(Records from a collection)
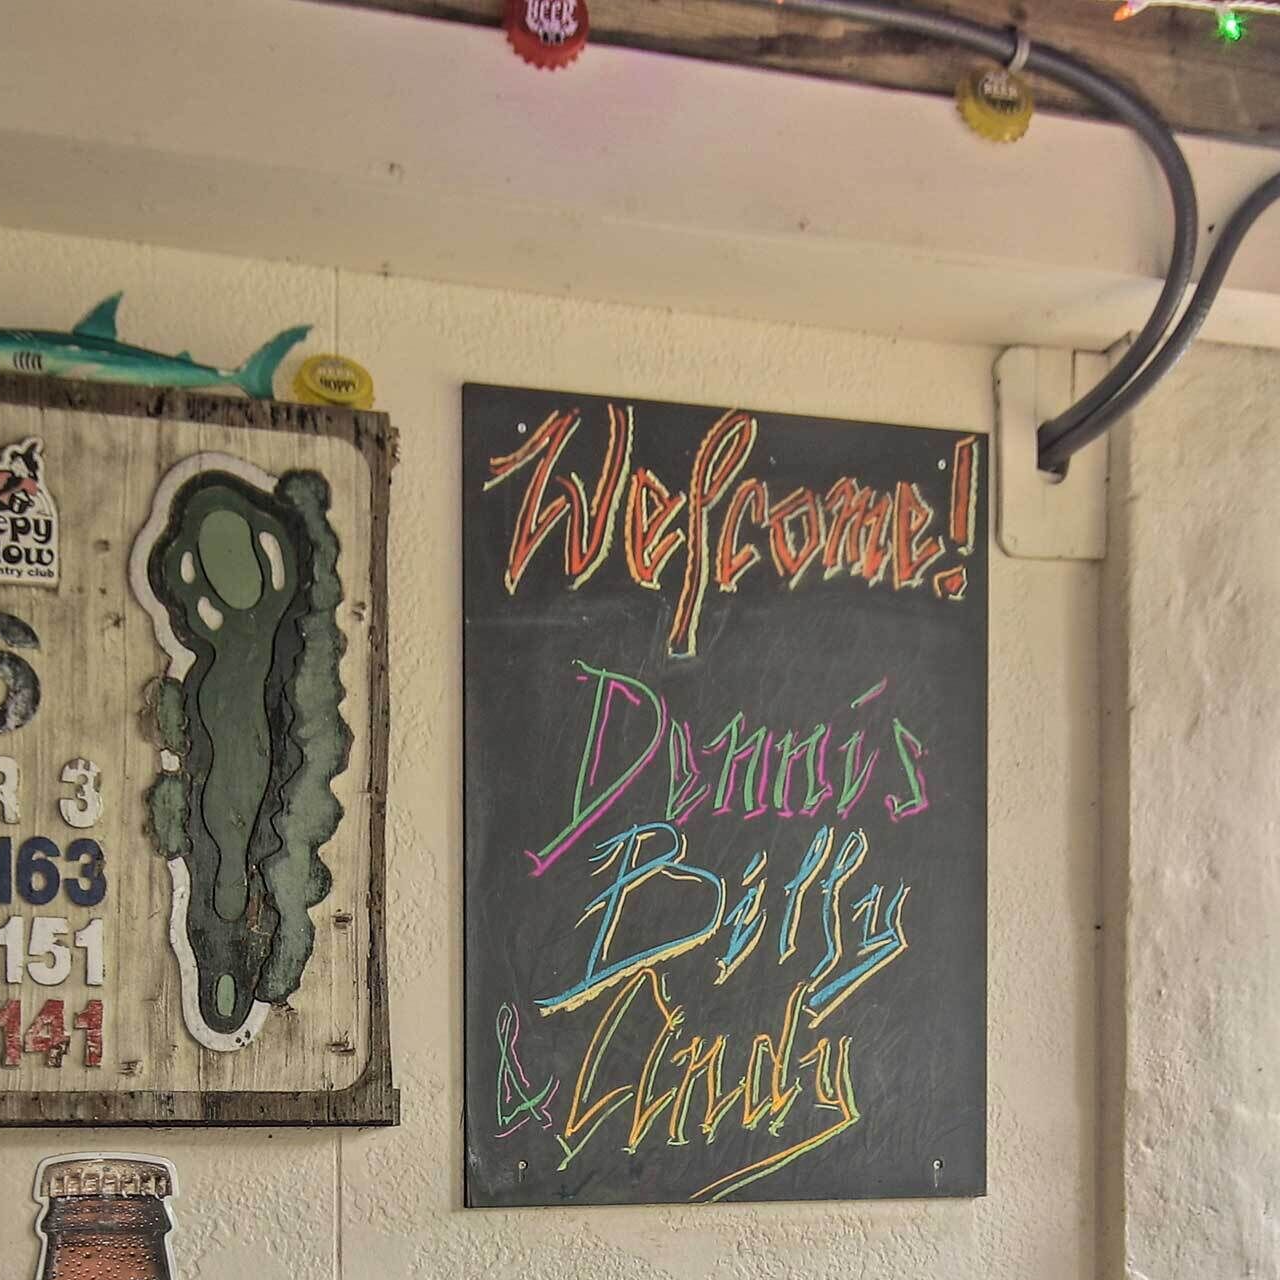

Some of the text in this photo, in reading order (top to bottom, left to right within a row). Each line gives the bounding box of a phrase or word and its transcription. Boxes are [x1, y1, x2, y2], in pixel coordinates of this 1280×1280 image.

[27, 568, 55, 578] club
[483, 405, 978, 658] Welcome!
[57, 756, 104, 828] 3
[526, 659, 928, 876] Dennis
[536, 822, 909, 1028] Billy
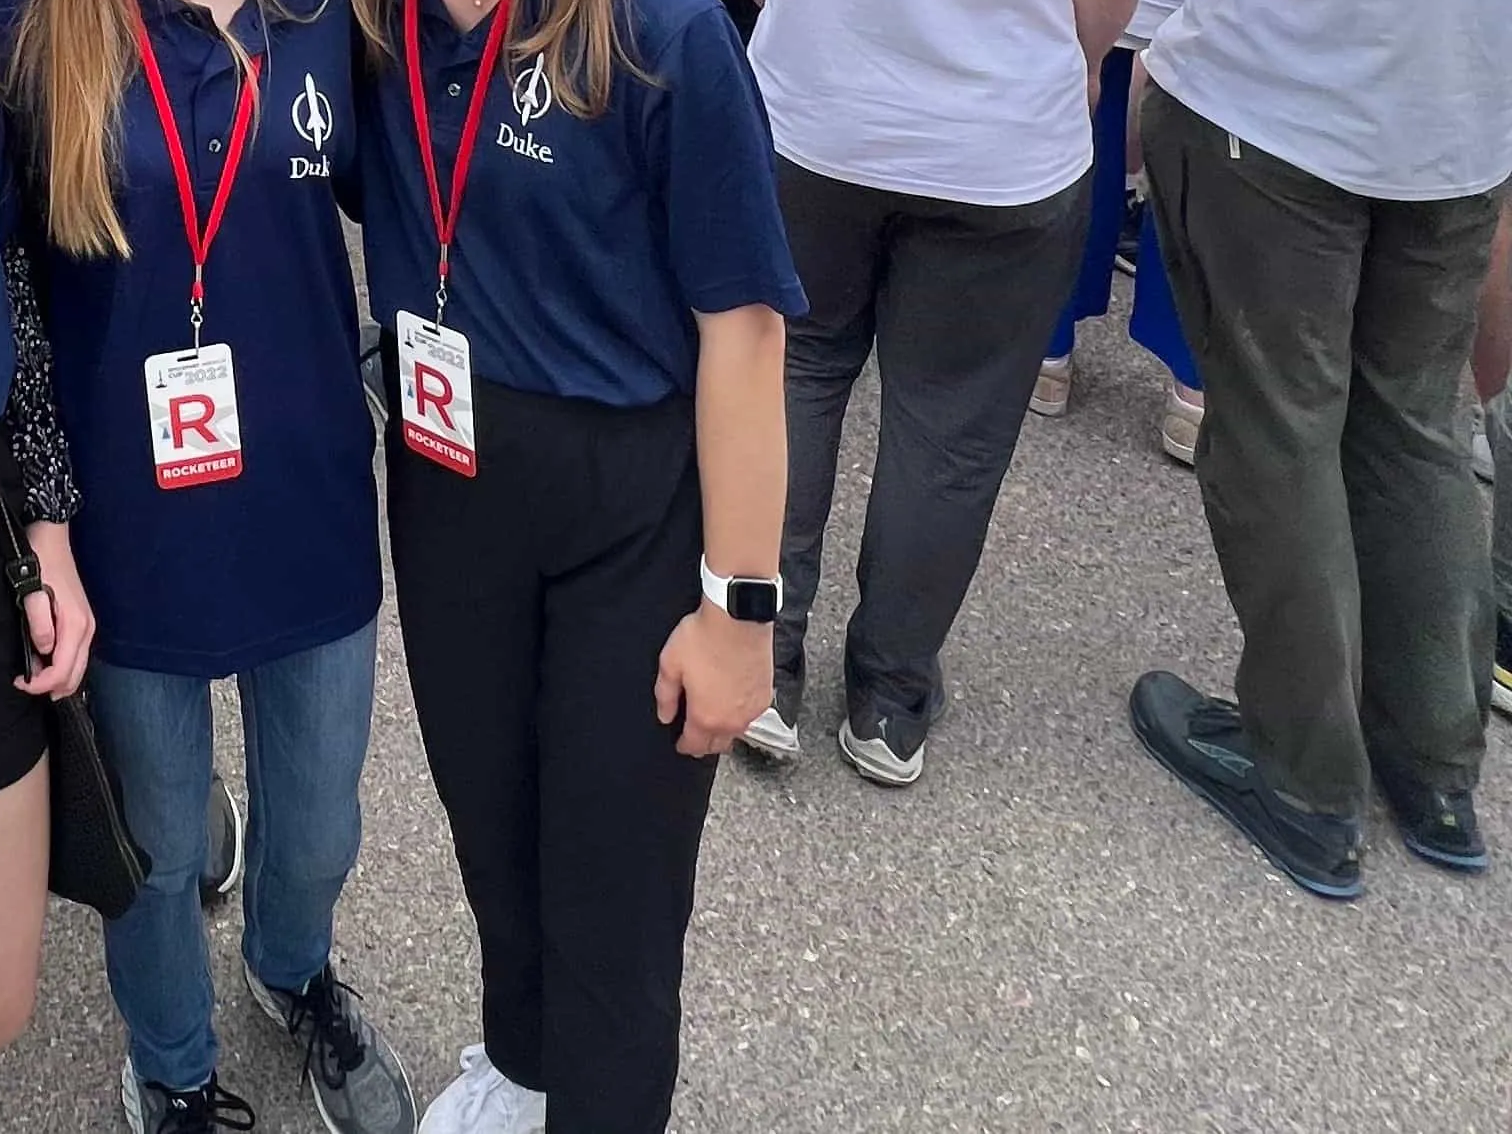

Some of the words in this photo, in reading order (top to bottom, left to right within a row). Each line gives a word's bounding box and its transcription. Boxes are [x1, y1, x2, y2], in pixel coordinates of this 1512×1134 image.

[496, 122, 554, 163] Duke
[414, 361, 456, 432] R
[169, 394, 220, 449] R
[407, 427, 470, 467] ROCKETEER
[163, 457, 236, 479] ROCKETEER
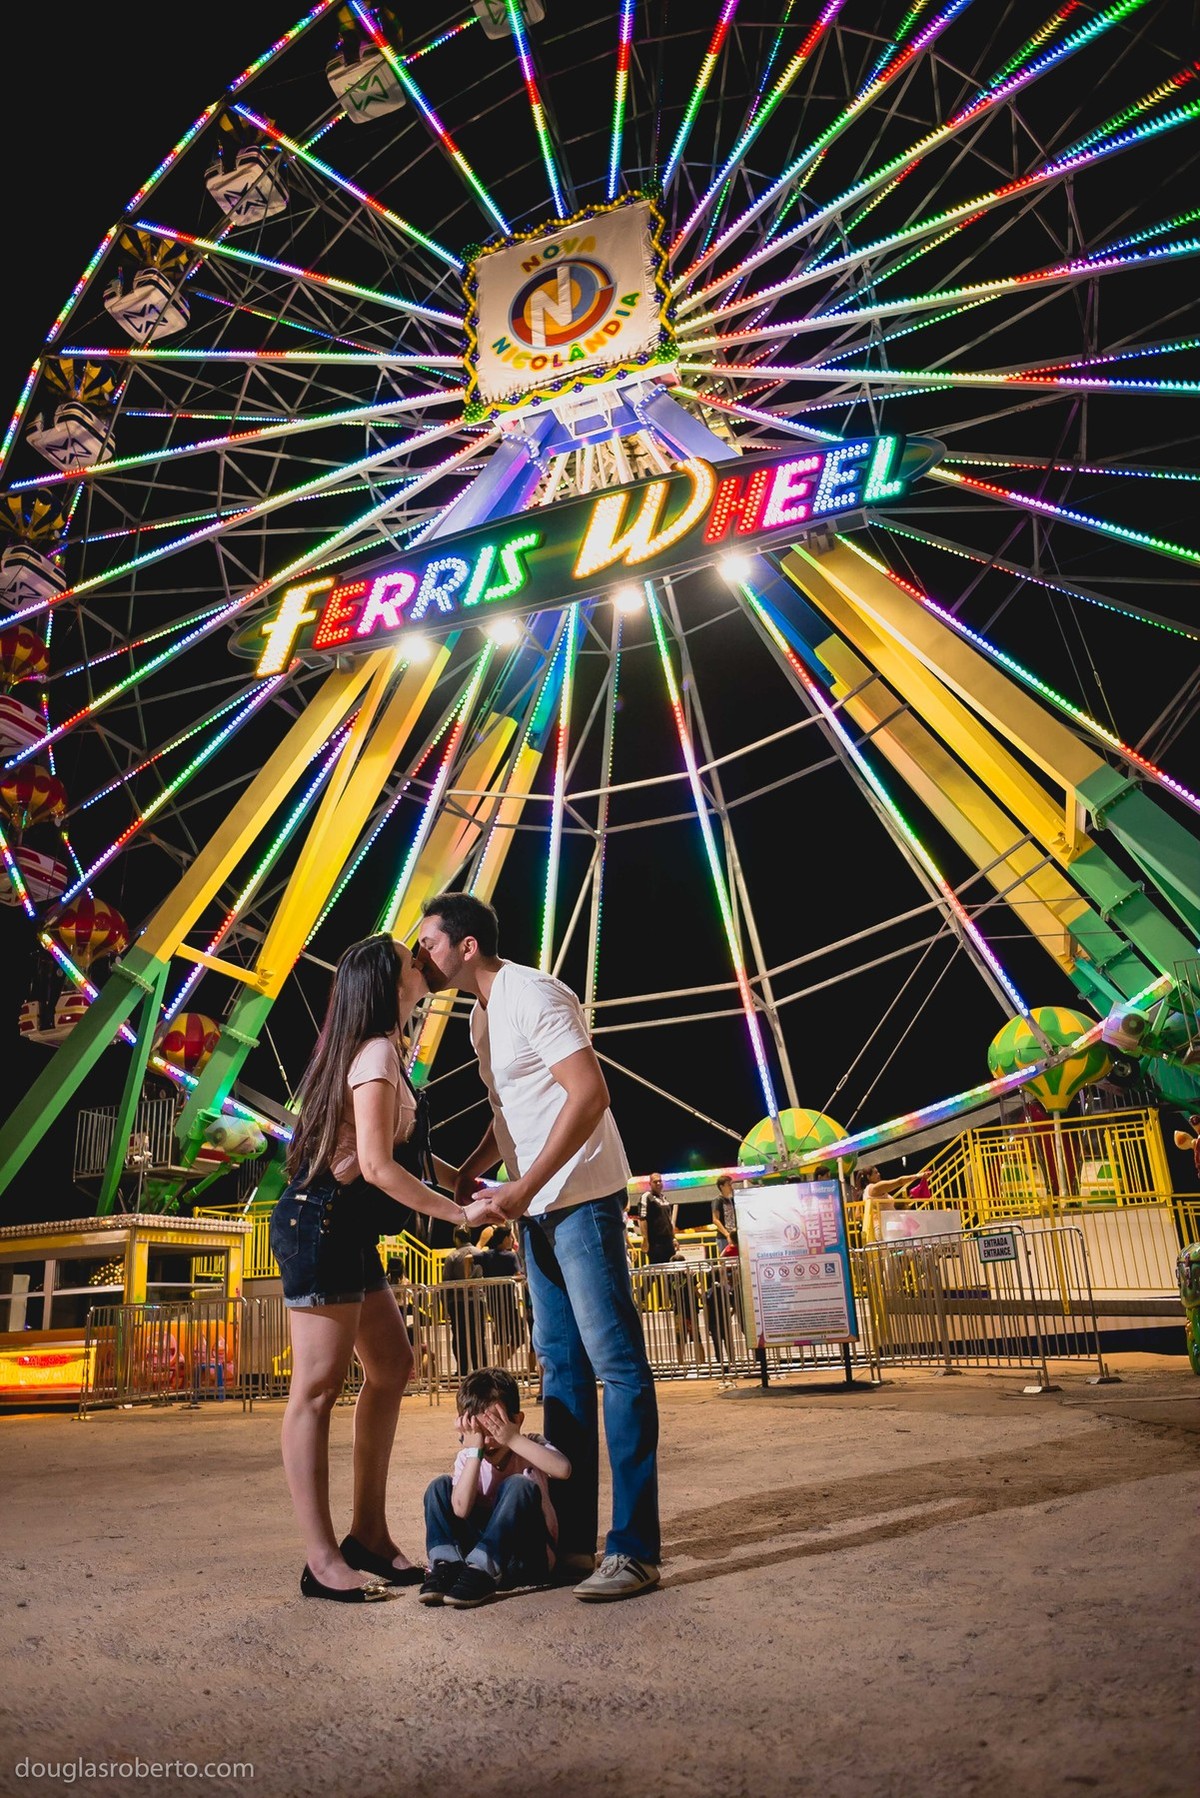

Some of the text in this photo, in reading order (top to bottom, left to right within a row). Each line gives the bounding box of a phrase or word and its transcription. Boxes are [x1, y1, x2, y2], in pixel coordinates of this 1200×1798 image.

[520, 235, 597, 275] NOVA
[254, 433, 904, 678] FERRIS WHEEL
[819, 1194, 838, 1246] WHEEL
[983, 1247, 1011, 1258] ENTRANCE
[984, 1237, 1008, 1248] ENTRADA
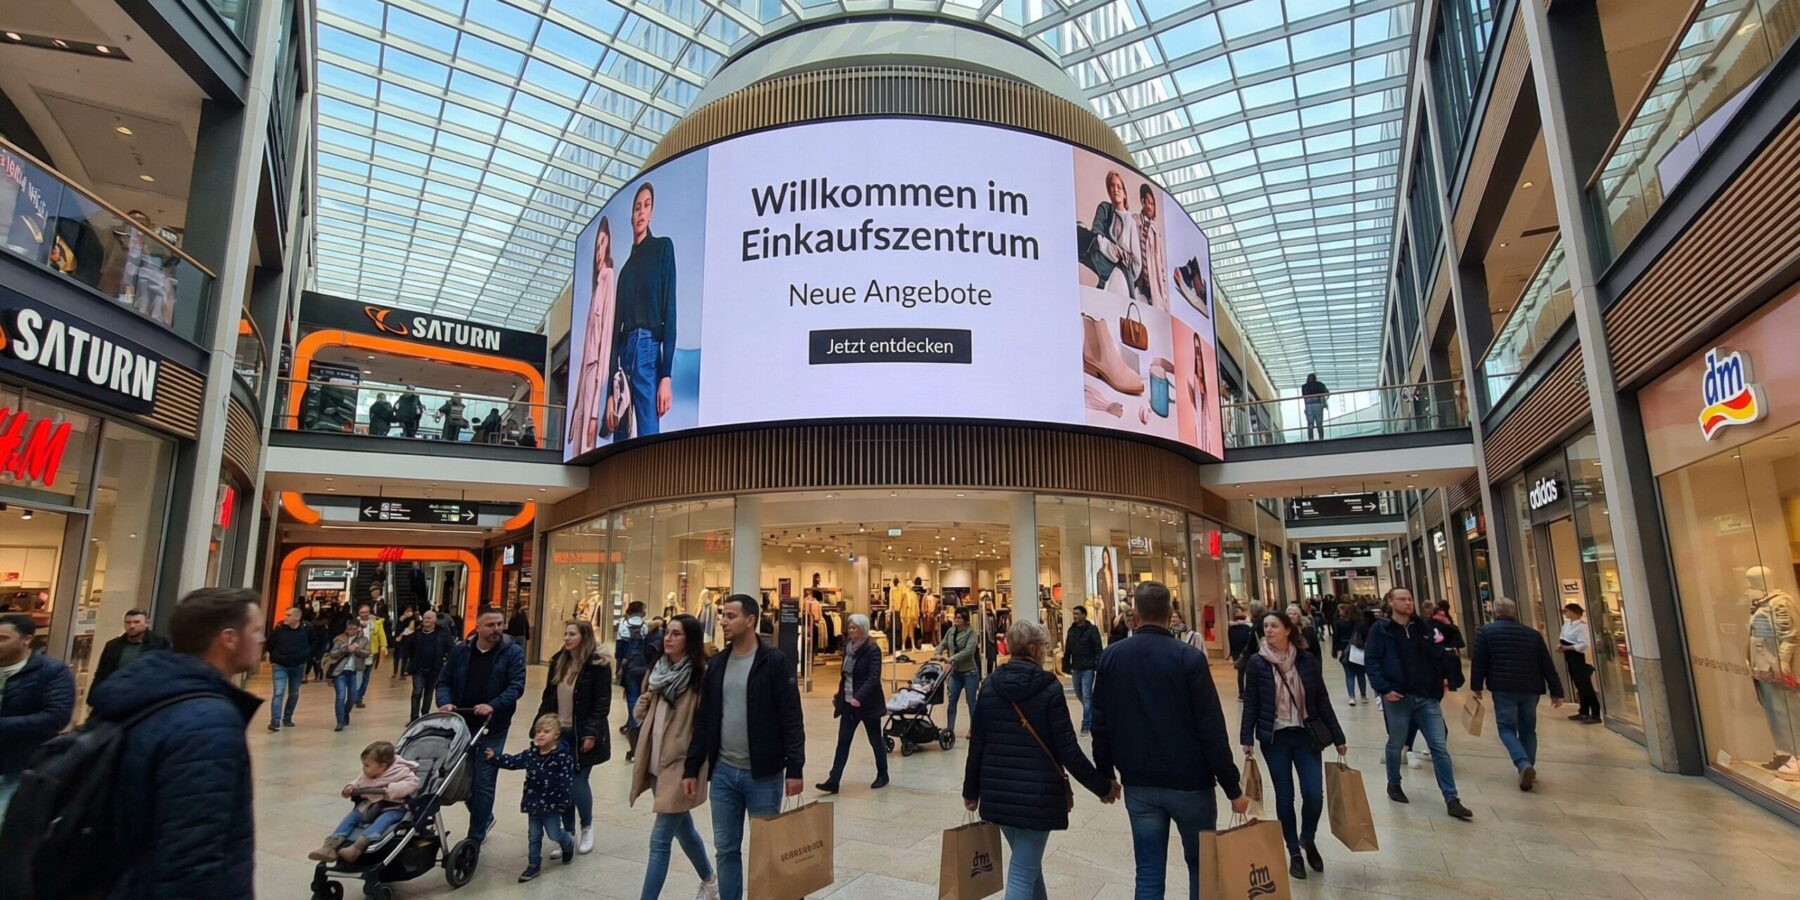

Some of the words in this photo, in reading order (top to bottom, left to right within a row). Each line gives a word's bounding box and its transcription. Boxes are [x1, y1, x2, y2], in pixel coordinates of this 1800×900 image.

[752, 178, 977, 217] Willkommen
[988, 180, 1028, 217] im
[742, 219, 1039, 262] Einkaufszentrum
[789, 282, 856, 307] Neue
[864, 280, 992, 308] Angebote
[412, 316, 501, 351] SATURN
[826, 338, 866, 355] Jetzt
[869, 337, 954, 355] entdecken
[13, 308, 157, 402] SATURN
[1704, 353, 1743, 406] dm
[1530, 477, 1558, 510] adidas
[973, 850, 990, 867] dm
[1249, 863, 1270, 887] dm

### Problem to work on
Excluding pictures, copy exactly the lines from the line containing "this 1512×1134 image." through the last line of the data, inclusive.

### Written answer
Some of the words in this photo, in reading order (top to bottom, left to right within a row). Each line gives a word's bounding box and its transcription. Boxes are [x1, y1, x2, y2], in pixel coordinates of this 1512×1134 image.

[496, 122, 554, 163] Duke
[414, 361, 456, 432] R
[169, 394, 220, 449] R
[407, 427, 470, 467] ROCKETEER
[163, 457, 236, 479] ROCKETEER

Some of the text in this photo, in reading order (top to bottom, left to right within a row). Each line gives the bounding box of a phrase or word and its transcription. Boxes are [x1, y1, x2, y2], in pixel coordinates of this 1200×1798 image.

[520, 235, 597, 275] NOVA
[254, 433, 904, 678] FERRIS WHEEL
[819, 1194, 838, 1246] WHEEL
[983, 1247, 1011, 1258] ENTRANCE
[984, 1237, 1008, 1248] ENTRADA

Some of the words in this photo, in reading order (top to bottom, left to right within a row). Each line gives a word's bounding box and its transcription. Boxes are [x1, y1, x2, y2], in pixel coordinates of this 1800×900 image.

[752, 178, 977, 217] Willkommen
[988, 180, 1028, 217] im
[742, 219, 1039, 262] Einkaufszentrum
[789, 282, 856, 307] Neue
[864, 280, 992, 308] Angebote
[412, 316, 501, 351] SATURN
[826, 338, 866, 355] Jetzt
[869, 337, 954, 355] entdecken
[13, 308, 157, 402] SATURN
[1704, 353, 1743, 406] dm
[1530, 477, 1558, 510] adidas
[973, 850, 990, 867] dm
[1249, 863, 1270, 887] dm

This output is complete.